Nutrition researcher and entrepreneur

Kamal Patel is a nutrition researcher and the director of Examine.com. Alongside co-founder Sol Orwell, he grew the Examine.com compendium of clinical trials on nutrition and supplements, with the goal of creating the “largest database” of supplements on the Internet. In 2020, Patel was named #1 Most Influential Man in Health & Fitness by Men's Health UK.

==Education==

Patel attended Northwestern University, studying economics and communications while also organizing strongman contests.
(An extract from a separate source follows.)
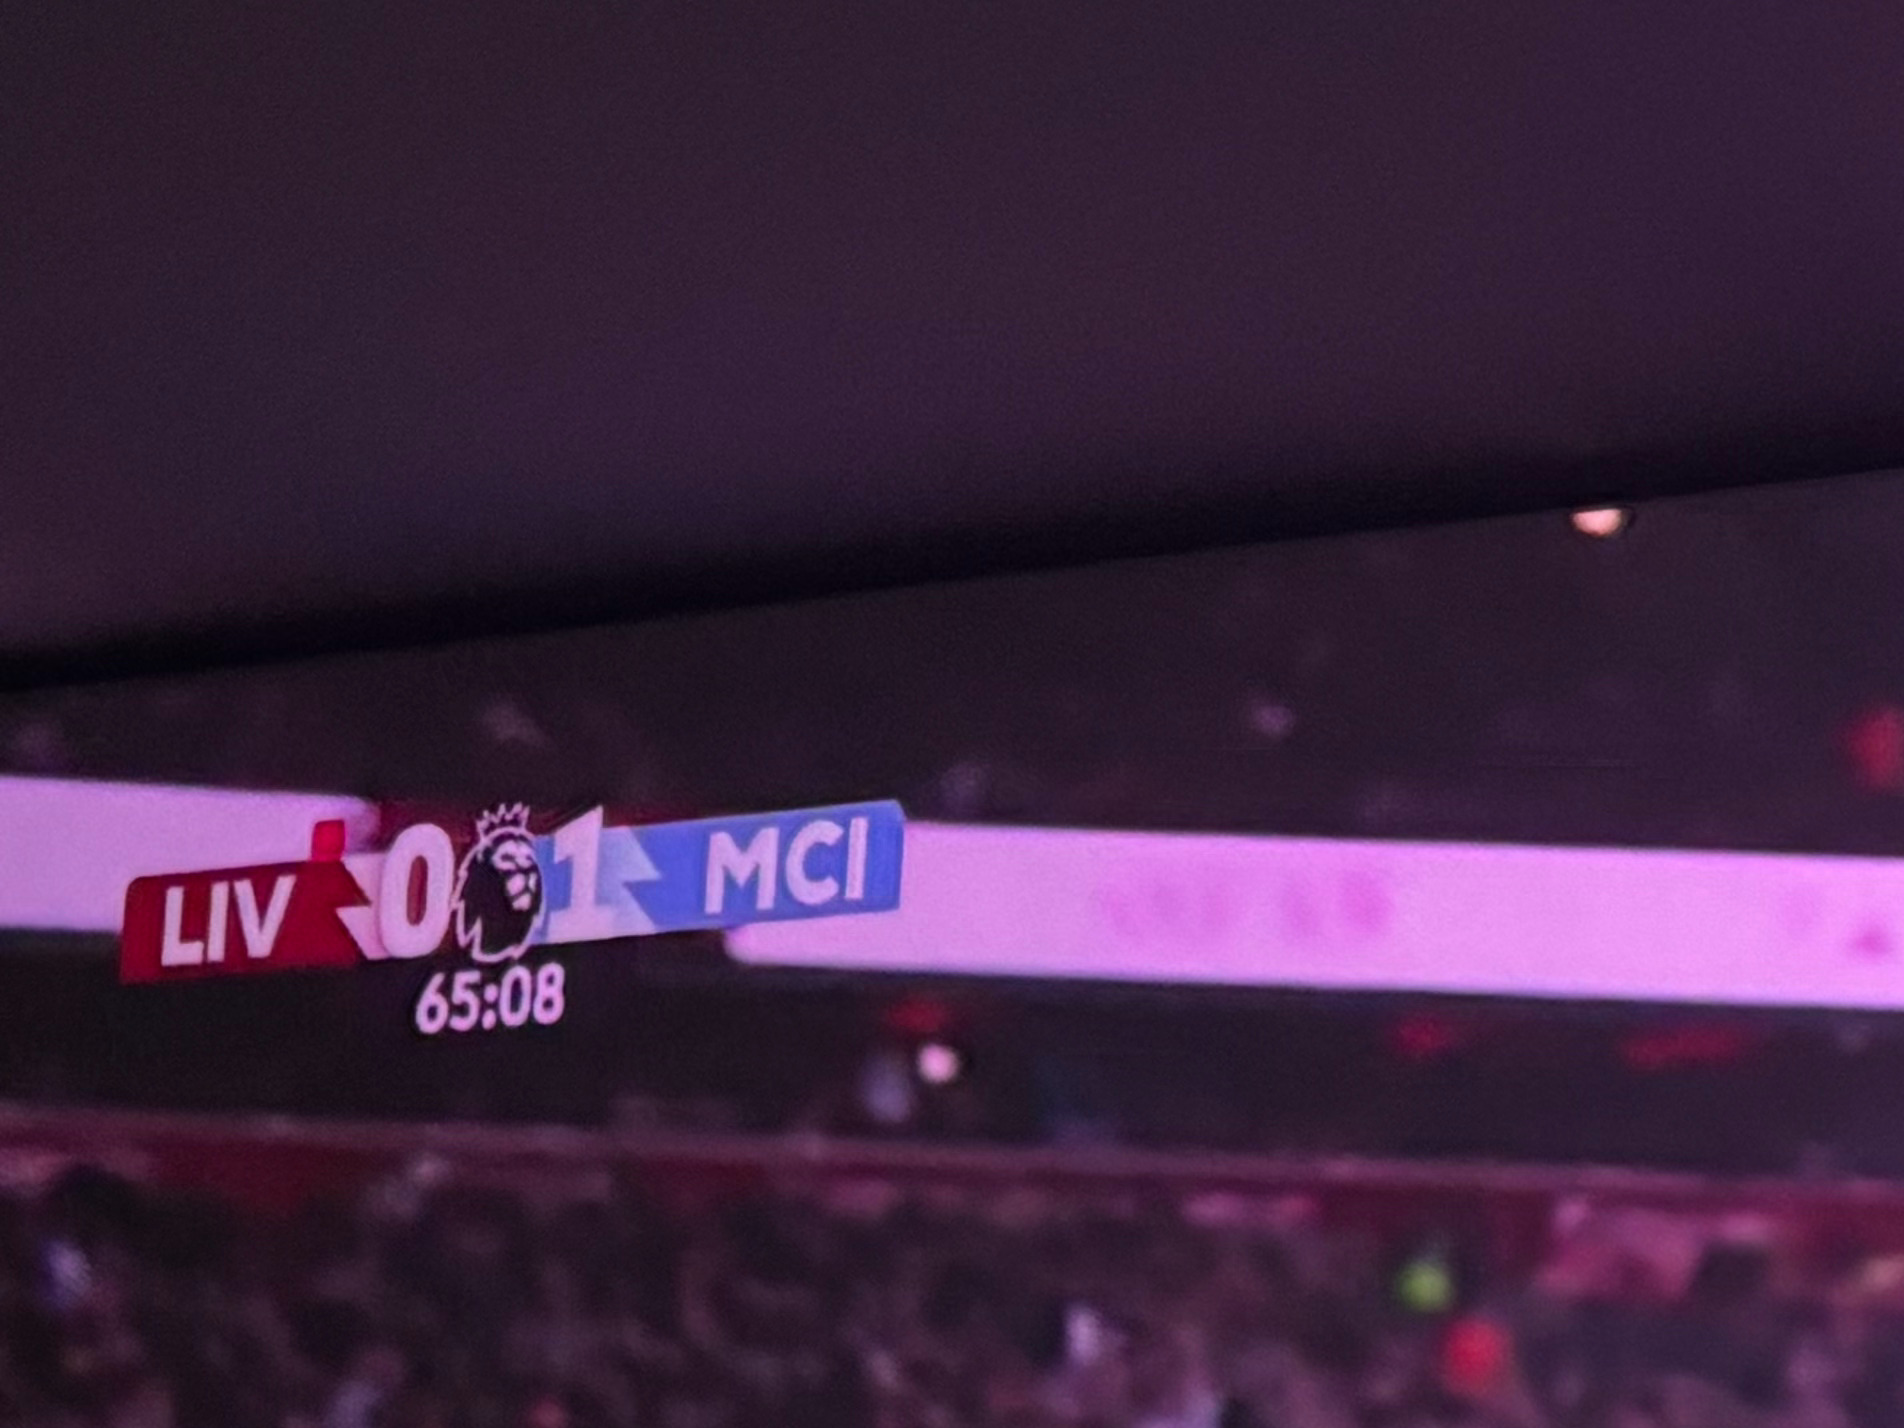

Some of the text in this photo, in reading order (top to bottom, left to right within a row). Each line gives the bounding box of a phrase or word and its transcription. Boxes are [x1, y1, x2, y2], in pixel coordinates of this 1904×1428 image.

[160, 805, 870, 967] LIV 0 1 MCI
[415, 962, 566, 1034] 65:08
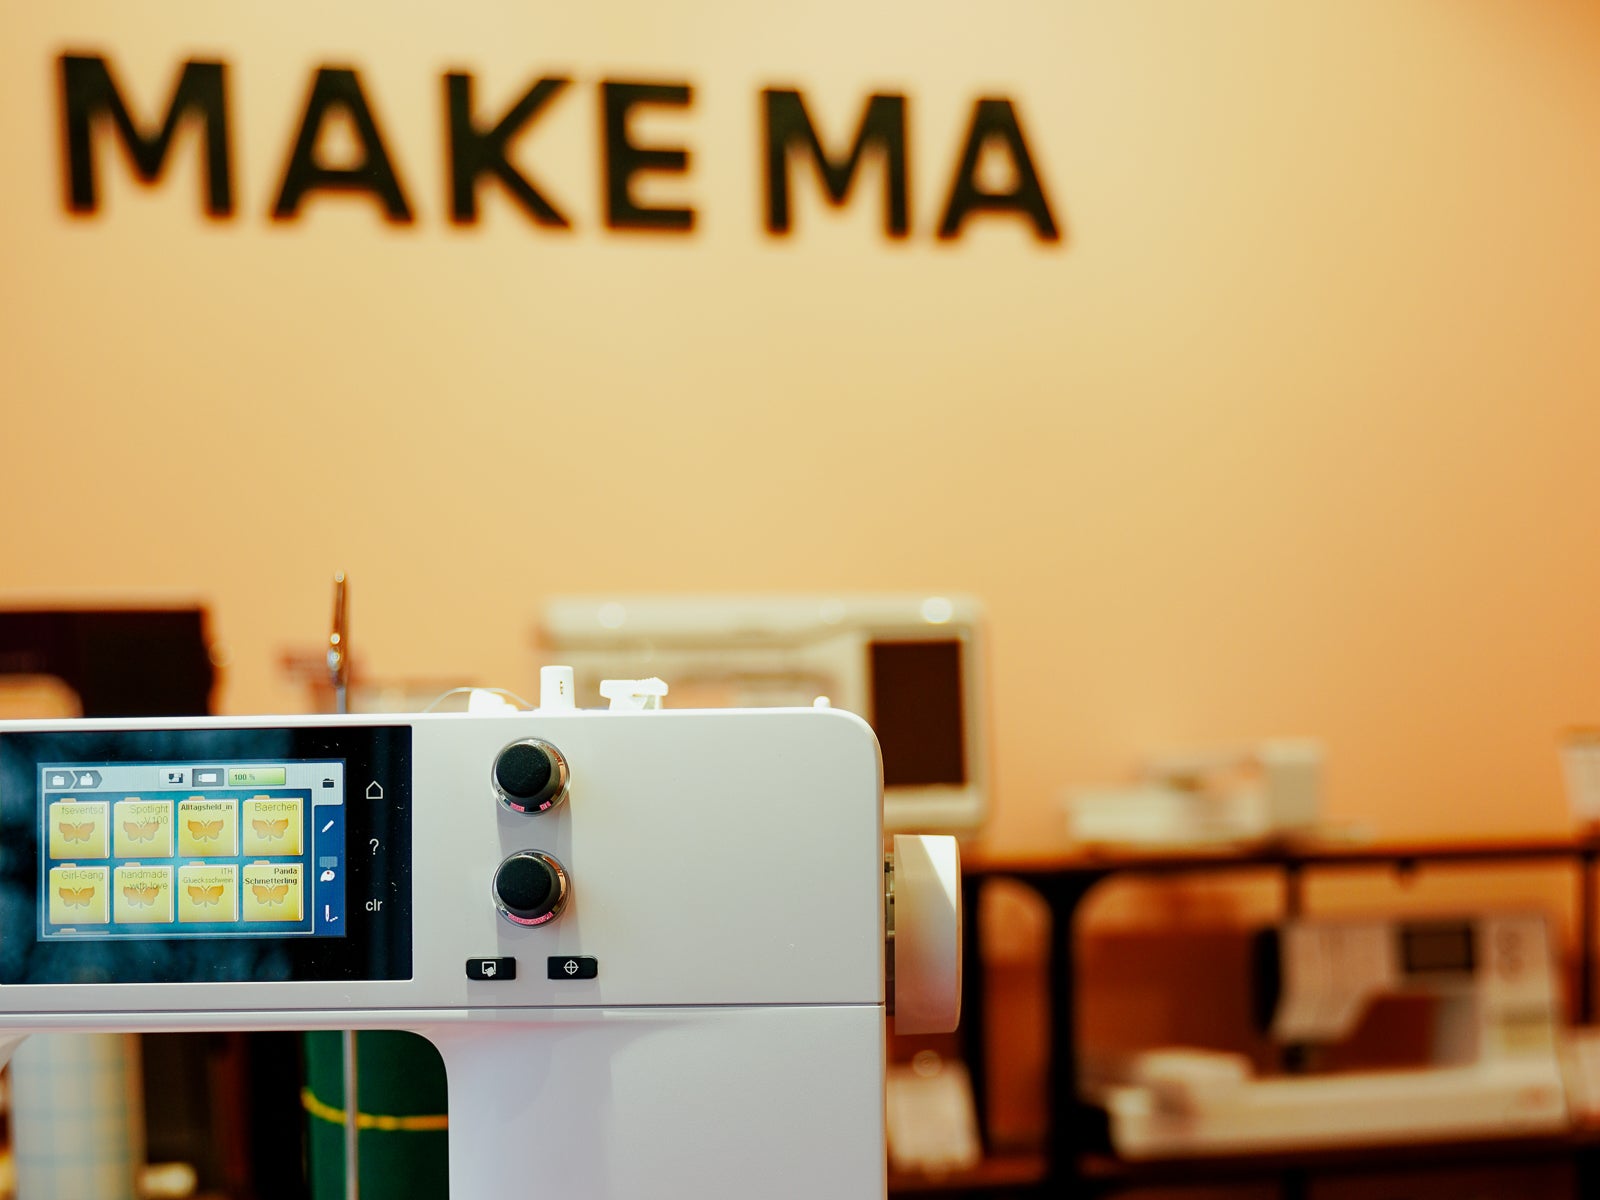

He attended graduate school at Johns Hopkins University and Tufts University, studying public health, business, and nutrition.

==Career==

Patel was a co-author on systematic reviews used to inform the Institute of Medicine 2010 vitamin D guidelines, which served as a basis for revised vitamin D guidelines in countries around the world. During that time, he was also a primary reviewer for Clinicaltrials.gov with a focus on clinical trial methodology.

Patel has also published research on genetic tests for cancer, prostate cancer treatments, fructose and liver health, self-measured monitoring of blood pressure for hypertension, and other clinical and methodological topics.

Patel has worked as a researcher at a federally-designated evidence-based practice center in meta-analysis and evidence synthesis and served as program chair for the 2013 Ancestral Health Symposium. He is a nutrition editor for the Journal of Evolution and Health.

Patel is the director of Examine.com, coordinating the team of researchers and scientists in analyzing primary research on nutrients and supplements. Under Patel, the website has expanded from a focus on supplements and athletic performance to direct analysis of research studies. In 2020, Patel was named #1 Most Influential Man in Health & Fitness by Men's Health UK.